Thursday, May. 01, 2008
Different by Design
By Tiffany Sharples
Surgeon Daniel Palestrant was laid up for several months with a back injury when he realized that it often took years before new techniques developed by pioneering doctors filtered out to the rest of the medical world. Why not bring physicians together online and, even better, charge businesses for access to content from their conversations? But the idea alone wasn't enough to get his social network off the ground. He needed to package that idea in such a way that investors would buy it.
Instead of bringing in a conventional consultant to help him, Palestrant visited a loft in the Flatiron district of Manhattan. In a series of meetings there, Palestrant rattled off his ideas--an outpouring he likened to "intellectual bulimia"--while Elizabeth Pastor and Garry VanPatter, the team behind the firm Humantific, furiously drew and took notes. "He was really deep in the trees," Pastor says. The pair made sense of Palestrant's fuzzy ideas and turned them into huge, glossy posters with icons representing how the parts of his business fit together. Diagrams in hand, Palestrant went to venture-capital funds and returned with $40 million in start-up money.

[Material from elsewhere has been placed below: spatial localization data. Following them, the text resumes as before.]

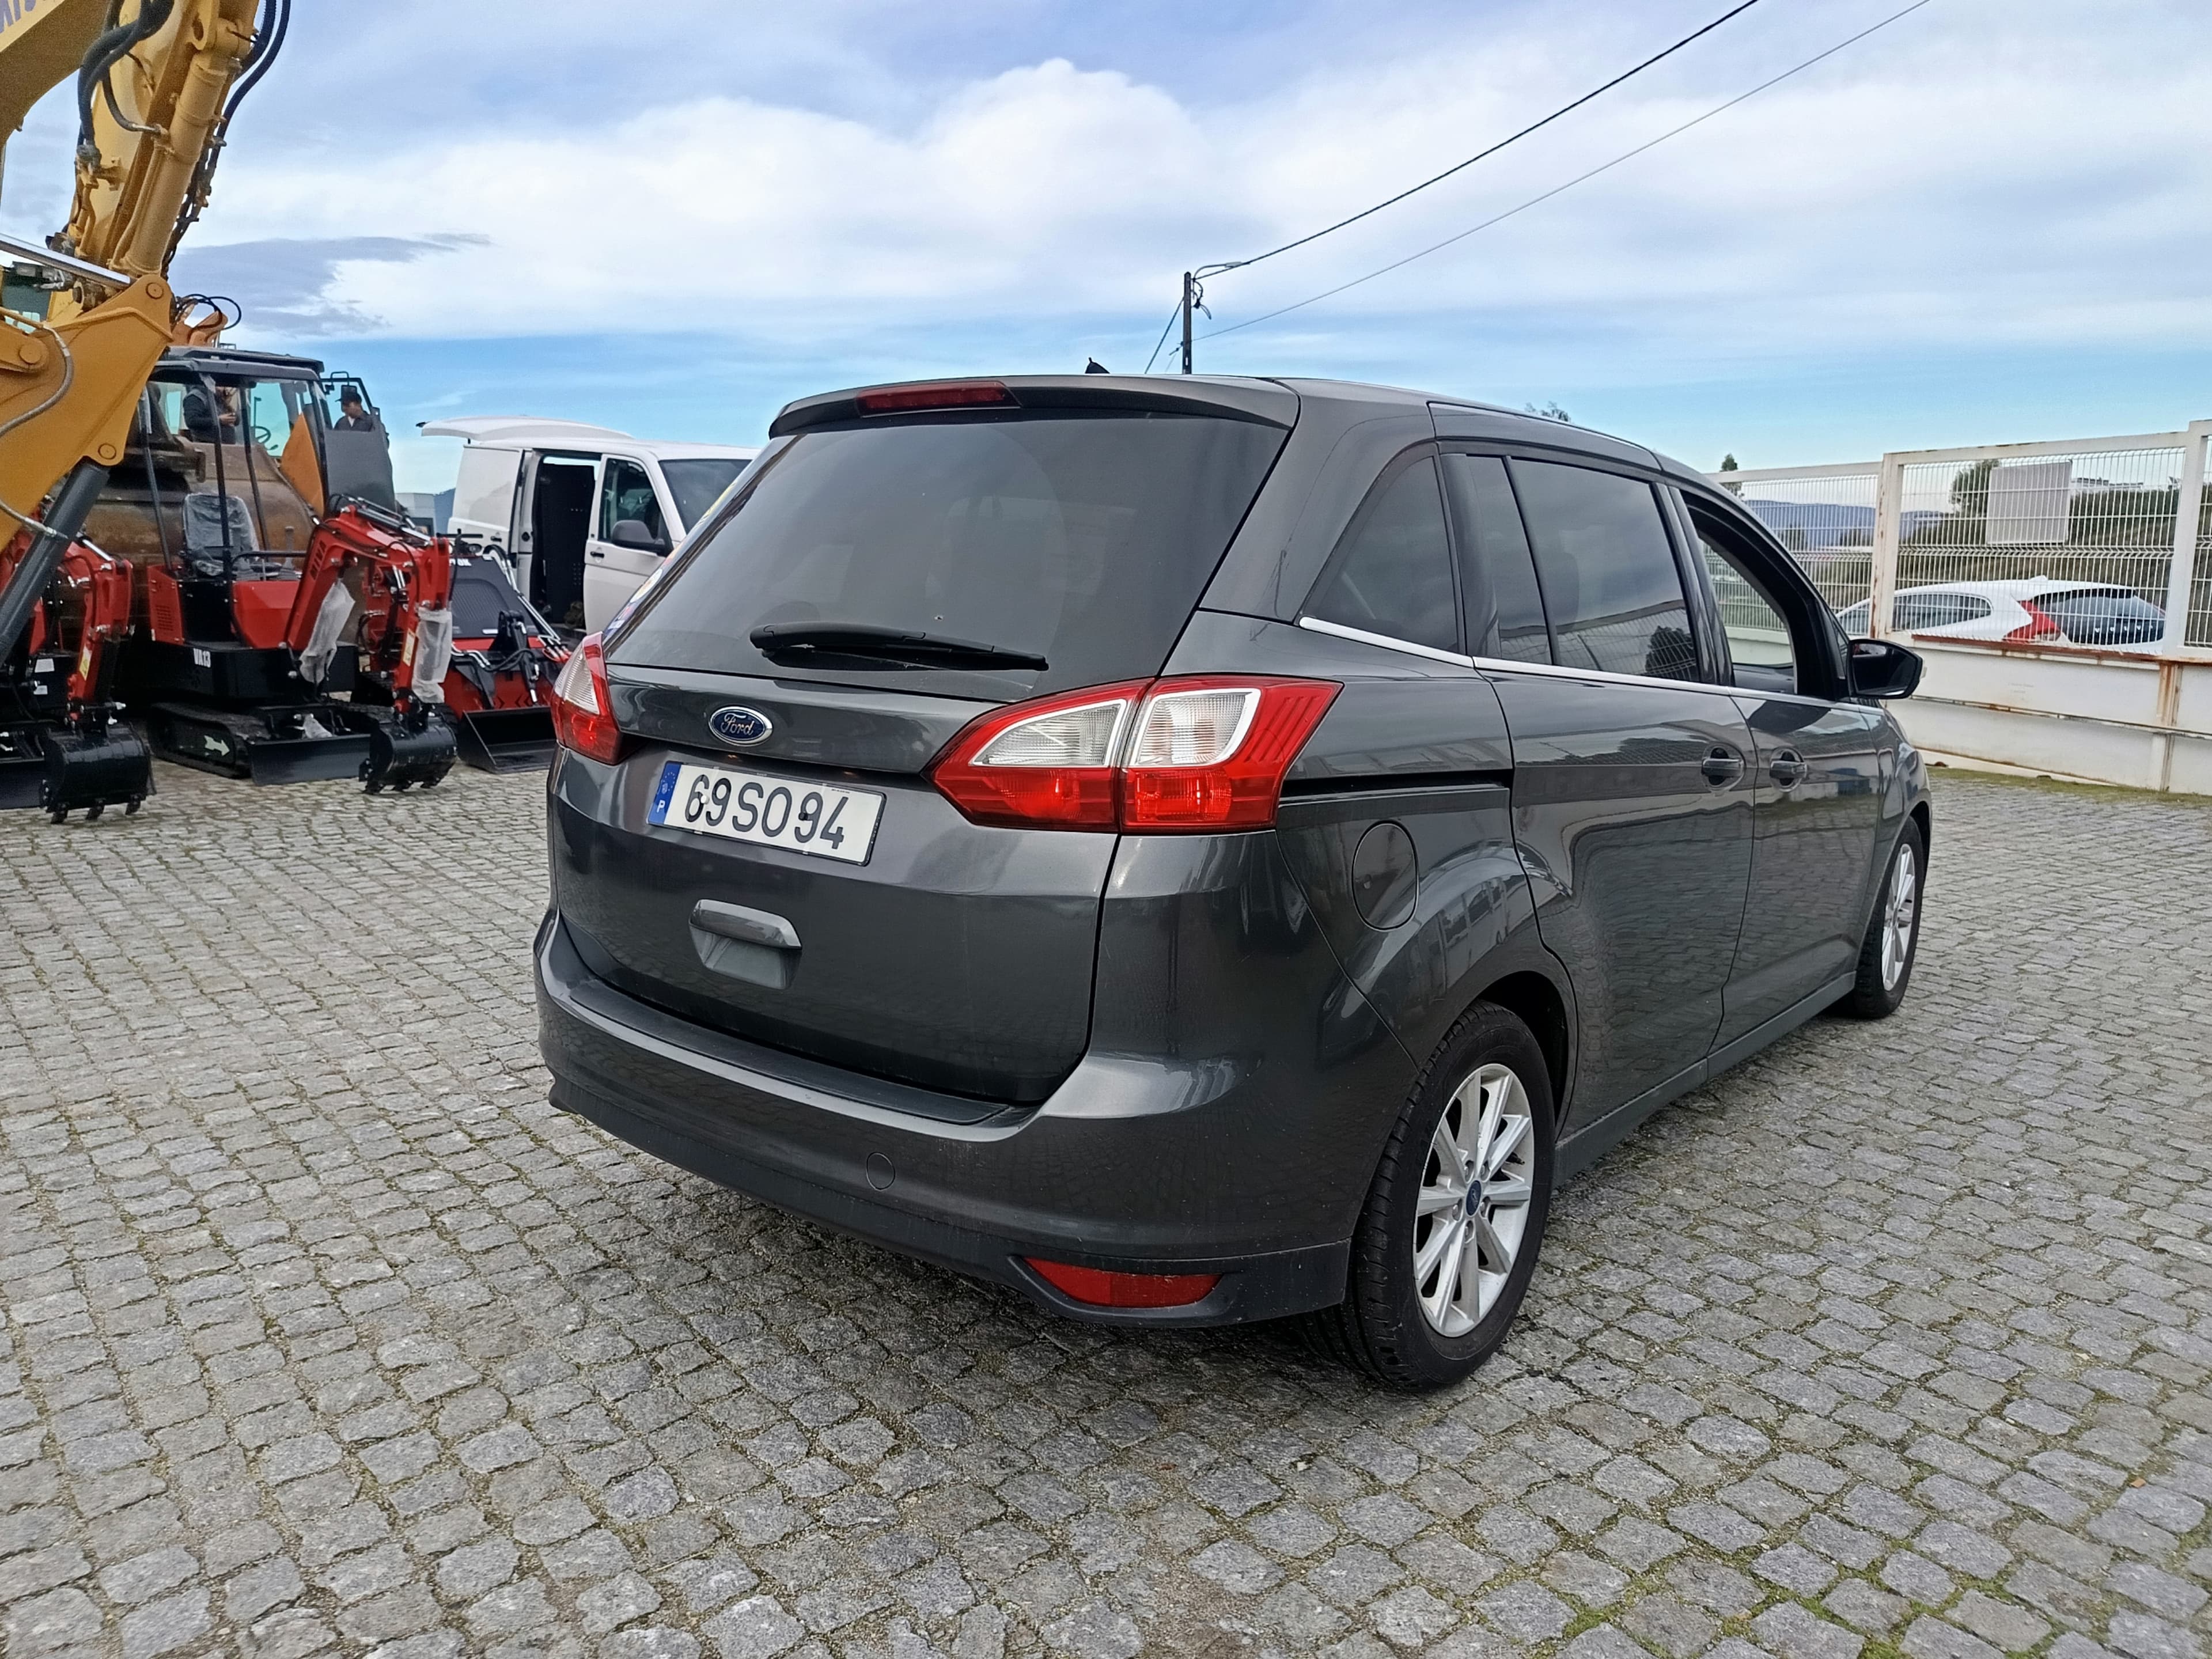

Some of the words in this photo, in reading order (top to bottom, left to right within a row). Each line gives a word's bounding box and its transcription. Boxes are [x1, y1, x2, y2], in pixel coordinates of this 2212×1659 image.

[194, 648, 211, 668] VA13
[720, 713, 755, 736] Ford
[656, 800, 666, 813] P
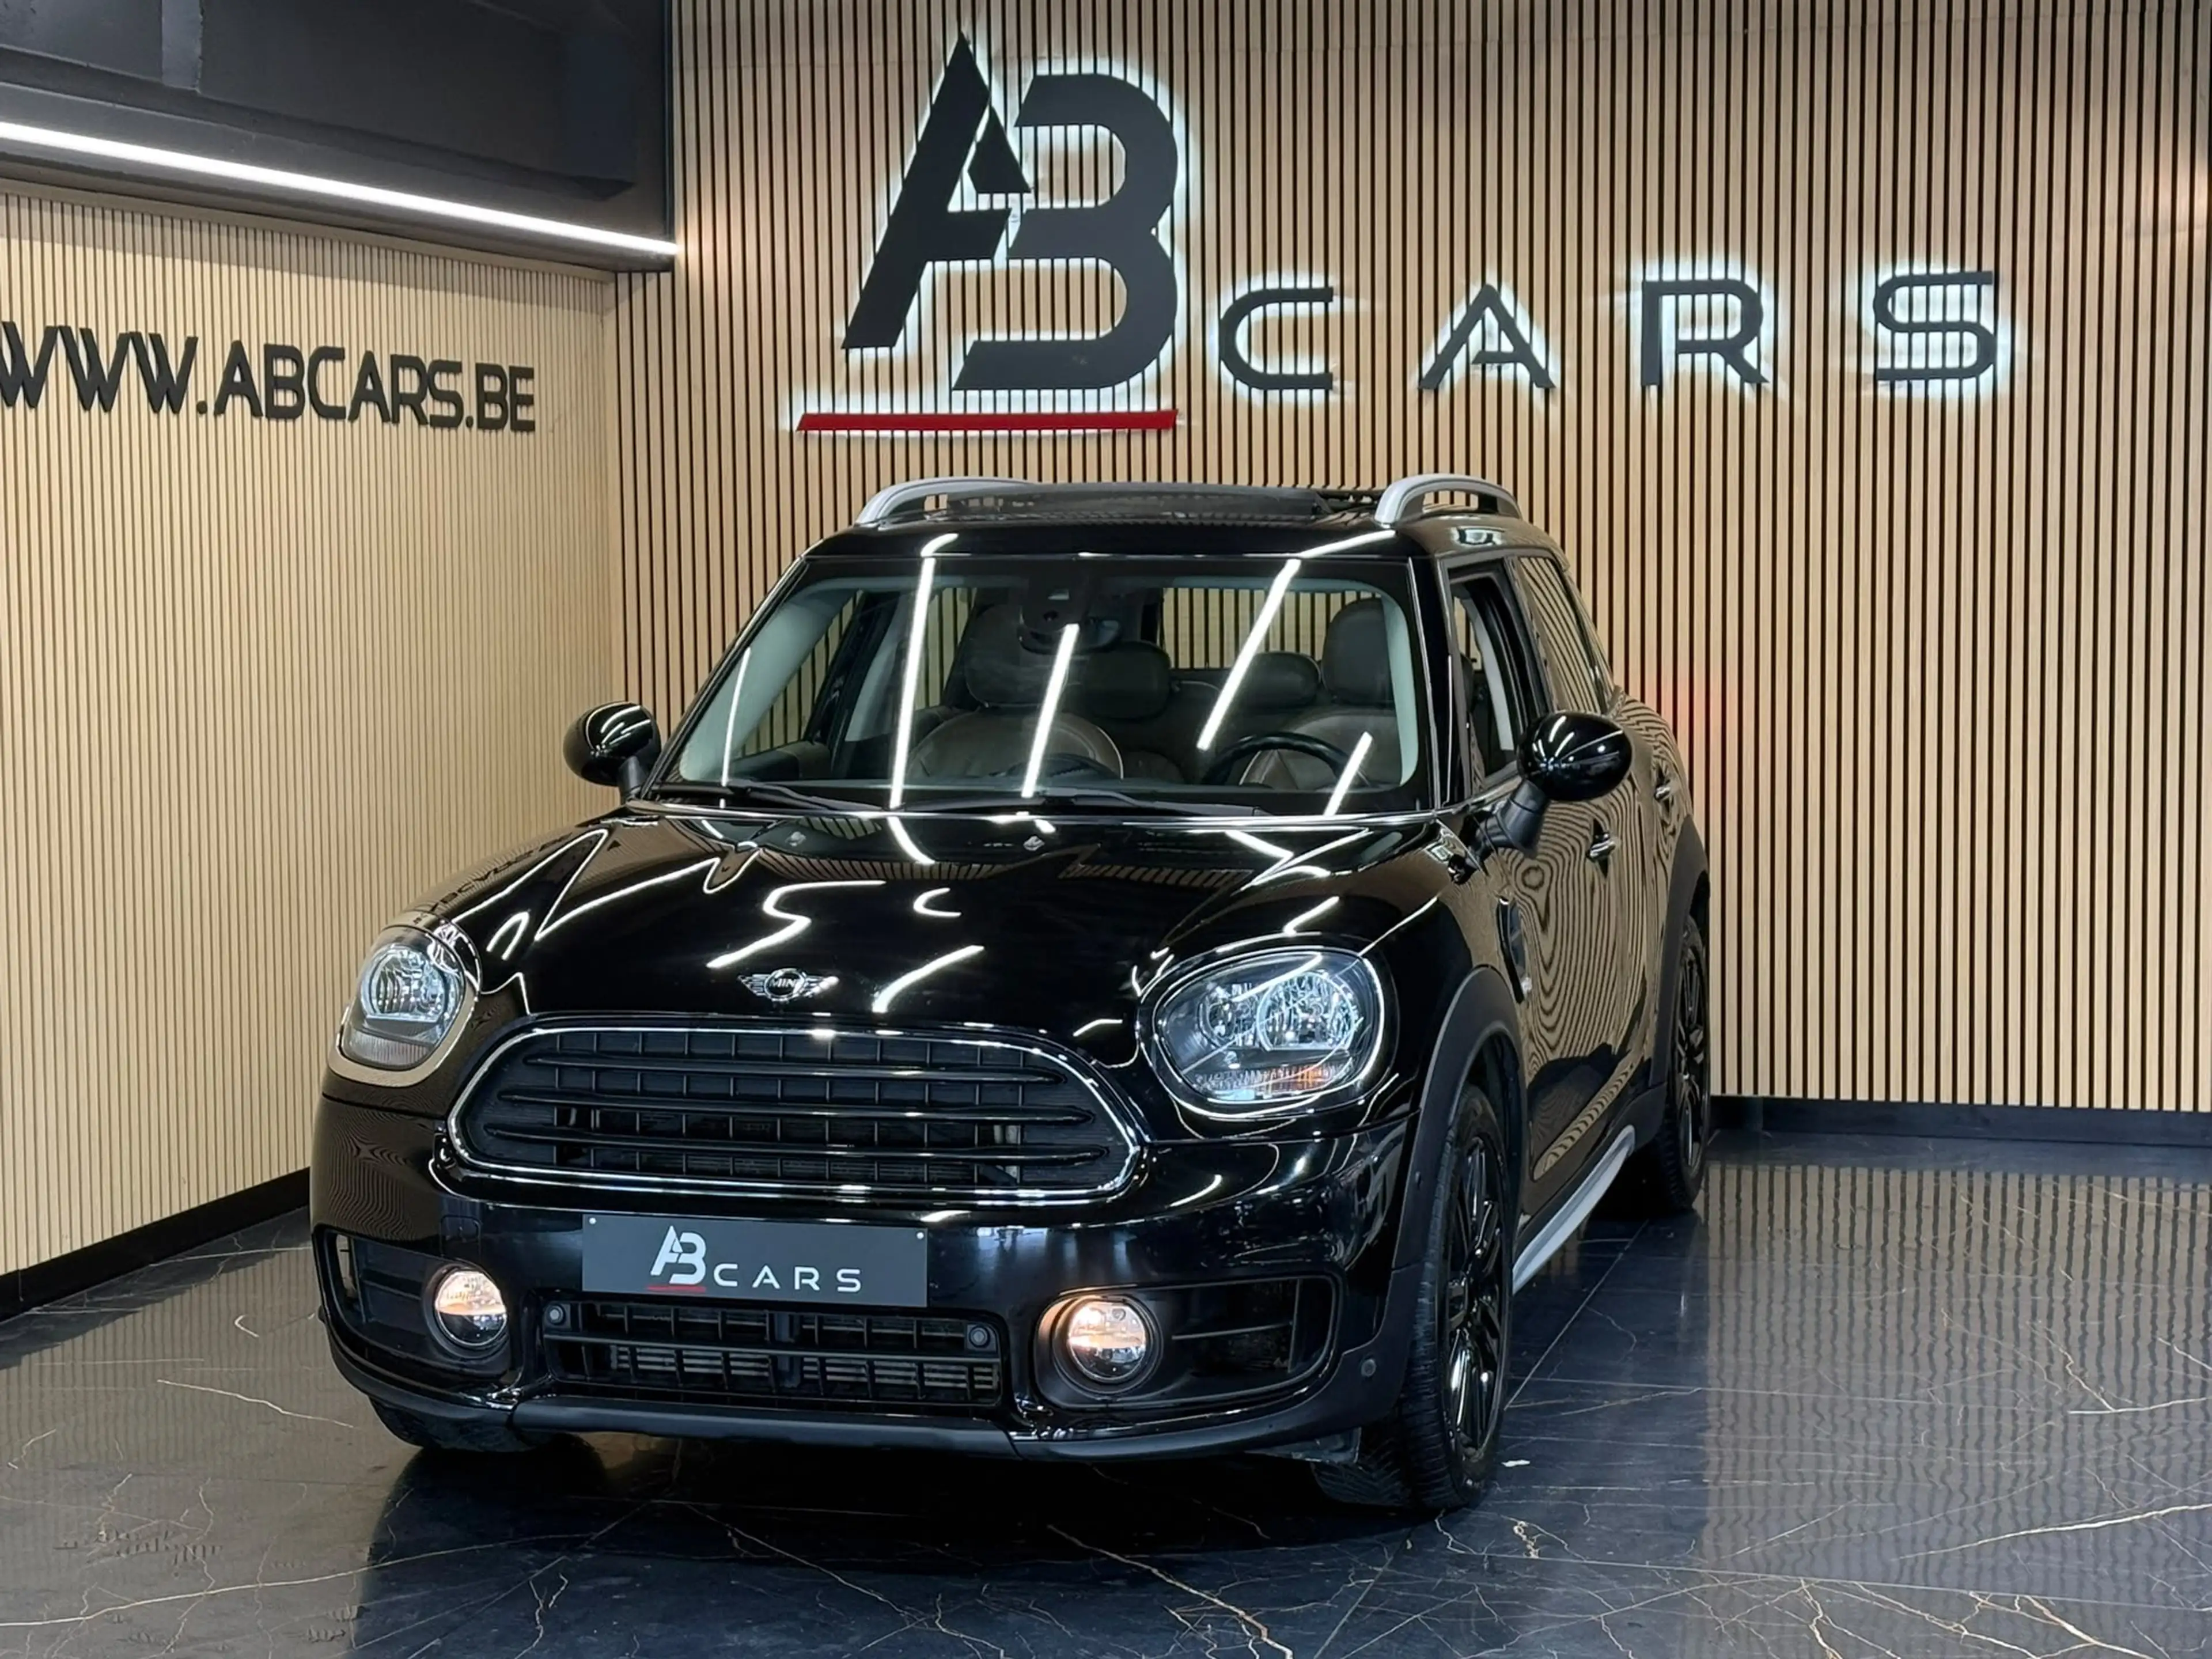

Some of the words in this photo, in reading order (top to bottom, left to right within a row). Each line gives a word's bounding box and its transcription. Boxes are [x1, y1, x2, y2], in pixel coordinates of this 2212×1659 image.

[840, 30, 1179, 391] AB
[1219, 270, 1998, 391] CARS
[0, 321, 536, 432] WWW.ABCARS.BE
[650, 1225, 707, 1285] AB
[713, 1263, 862, 1293] CARS

That kind of response is generating more and more heat in the emerging field of transformation design--a hybrid of business consulting and industrial design. Firms like Humantific, whose founders are designers, apply the same process used in designing sleek MP3 players and ergonomic teakettles to unwieldy intangibles like cell-phone promotions and hospital organization, transforming their effectiveness. Along the way, the field is creating some unusual teamwork between designers and business people.
Ideo, the Palo Alto, Calif., design firm best known for creating the Palm V digital organizer, began its Transformation by Design department, one of the first in the country, under Peter Coughlan in 2002. Ron Volpe, customer vice president for supply chain at Kraft, turned to Ideo that year to help improve the relationship between Kraft and Safeway. Basic communication was not smooth, and there were some delays in getting products to market. Ideo gathered more than 80 employees from both firms, encouraging each side of the supply chain to weigh in. The changes that Ideo devised--new promotional displays, a scorecard that tracked exactly where the shipping pallets were and how fast trucks were being turned around--resulted in a 160% increase in revenue for Kraft and enabled it to cut time to market more than 75%.
The benefit of using a design approach as opposed to pure management consulting, advocates argue, is that it enables--or even requires--a team to invent new ways to solve problems. Jump Associates, based in San Mateo, Calif., recently collaborated with General Electric's executive-jet business. Jump managing associate Dev Patnaik walked the GE people through hangars and later sent them to a toy store; one brought back a model plane attached to a plastic landing strip. The executive, Patnaik recalls, said, "This is it--this is the problem with executive jets!" He then explained that the services jet owners expect at home aren't always available in the locations they fly to. GE now aims, metaphorically at least, to let its clients "take the tarmac with them."
For Palestrant, the transformation lingered long after the designers packed up their pencils. Two years later, he has more than 75 employees and likens the design experience to "shooting an aircraft off an aircraft carrier--taking someone from zero to 200 m.p.h. in less than a second."